16.3 Disaster recovery
HPC Server 2008 R2 does not provide any built in tools or hooks for disaster recovery. Any given HPC cluster can only be served by one head node. Any easy and robust approach to disaster recovery is to set up a second cluster in a different location that is controlled by another head node. In case of a disaster the HPC client would simply connect to the backup cluster instead of the primary one. All that would be required is to select a new cluster in whatever client application is being used. Hardcoded client application cluster strings should be avoided at any cost.
Disaster recovery for individual compute nodes is not necessary. If one node fails the cluster will still continue to operate, albeit at reduced capacity.
16.4 Co-hosting of applications
HPC Server 2008 R2 is designed is a general purpose HPC cluster. Thus, in general it would not be necessary to design an HPC architecture according to the principle One Application – One Cluster.
For a scalable design, one should obey a few simple rules
The head node should not be used for anything but controlling the cluster. In other words, do not install other applications on the head node.
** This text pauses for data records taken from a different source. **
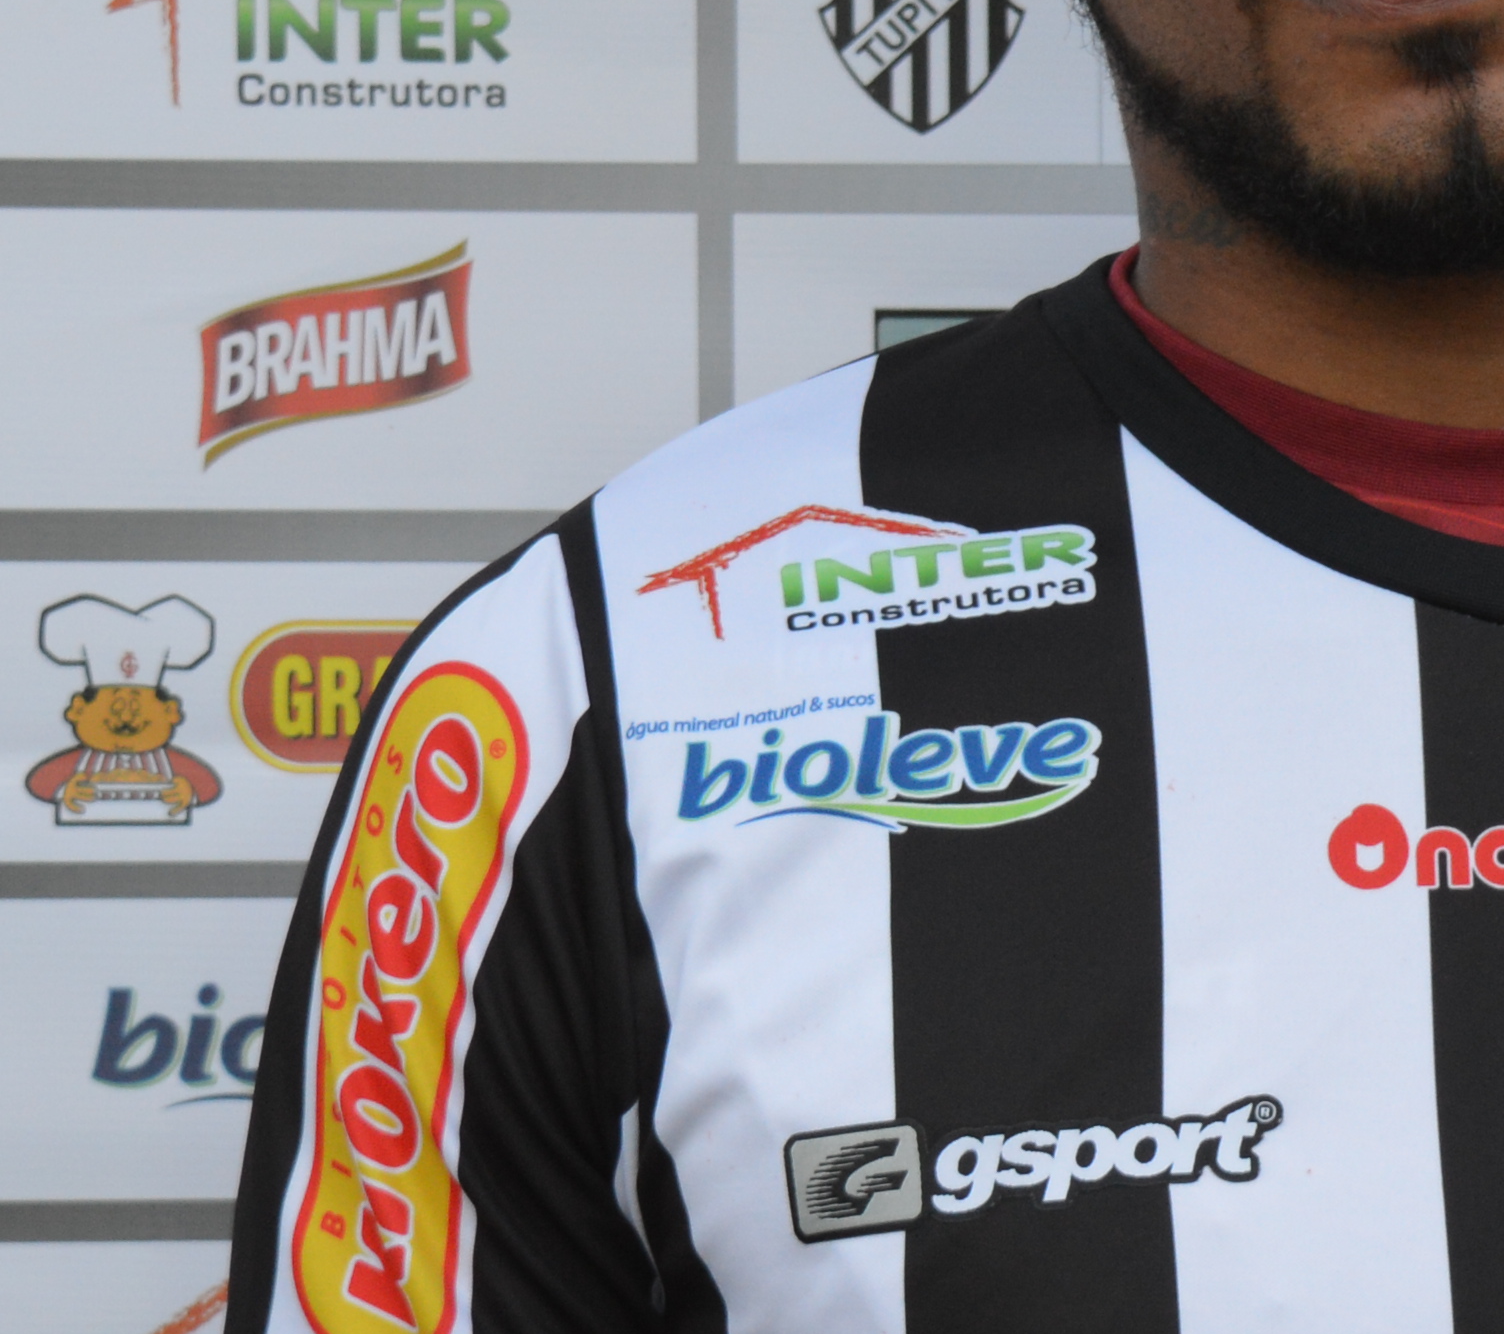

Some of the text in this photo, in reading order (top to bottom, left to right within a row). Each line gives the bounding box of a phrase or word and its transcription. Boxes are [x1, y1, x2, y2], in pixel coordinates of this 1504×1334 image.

[237, 73, 506, 108] Construtora
[214, 289, 457, 415] BRAHMA
[781, 531, 1086, 607] INTER
[787, 577, 1086, 632] Construtora
[674, 713, 739, 733] mineral
[744, 700, 805, 726] natural
[809, 695, 823, 712] &
[827, 692, 876, 709] sucos
[677, 716, 1090, 820] bioleve
[934, 1106, 1256, 1212] gsport
Nor should it be used as a file server for the compute nodes
Always install the full SQL Server, i.e., avoid the Express Edition. This allows unlimited table space, full memory and CPU utilization, which is important especially for large parametric sweep jobs that tend to put a heavy load on the job scheduler
Ultimately the decision whether to co-host a set of applications will depend on their characteristics.
This is a process that must be solved jointly by the stakeholders involved, i.e., the end users, the IT Department and the ISVs. Decision criteria include – among other things –
Processor architecture. Some application are very sensitive to processor/socket/core affinity and care must be taken when scheduling these
Memory architecture. For certain applications the memory channels – not the amount of memory – is the primary limiting factor
Local disks. Certain application may require large and very fast local disks for scratch space
Response time. Certain users must be served immediately, whereas others can wait
User access pattern. Not all applications may be run at the same time. Certain applications may be run during certain periods due to regulatory compliance
Licensing. Some applications require license tokens controlled by license servers such as FlexLM before they can execute on the cluster. Incorrect implementation of these applications may adversely impact the overall availability of the cluster
HPC Server 2008 R2 is equipped with a set of tools to address these issues (job templates, priorities, preemption, UAC, node groups, etc.). It will require careful analysis in each case, however.
16.5 Head node tuning
For general performance tuning guidelines, we refer to the whitepaper “Windows HPC Server 2008 Head Node Performance Tuning”, which has been distributed as part of the administration class for HPC Server 2008.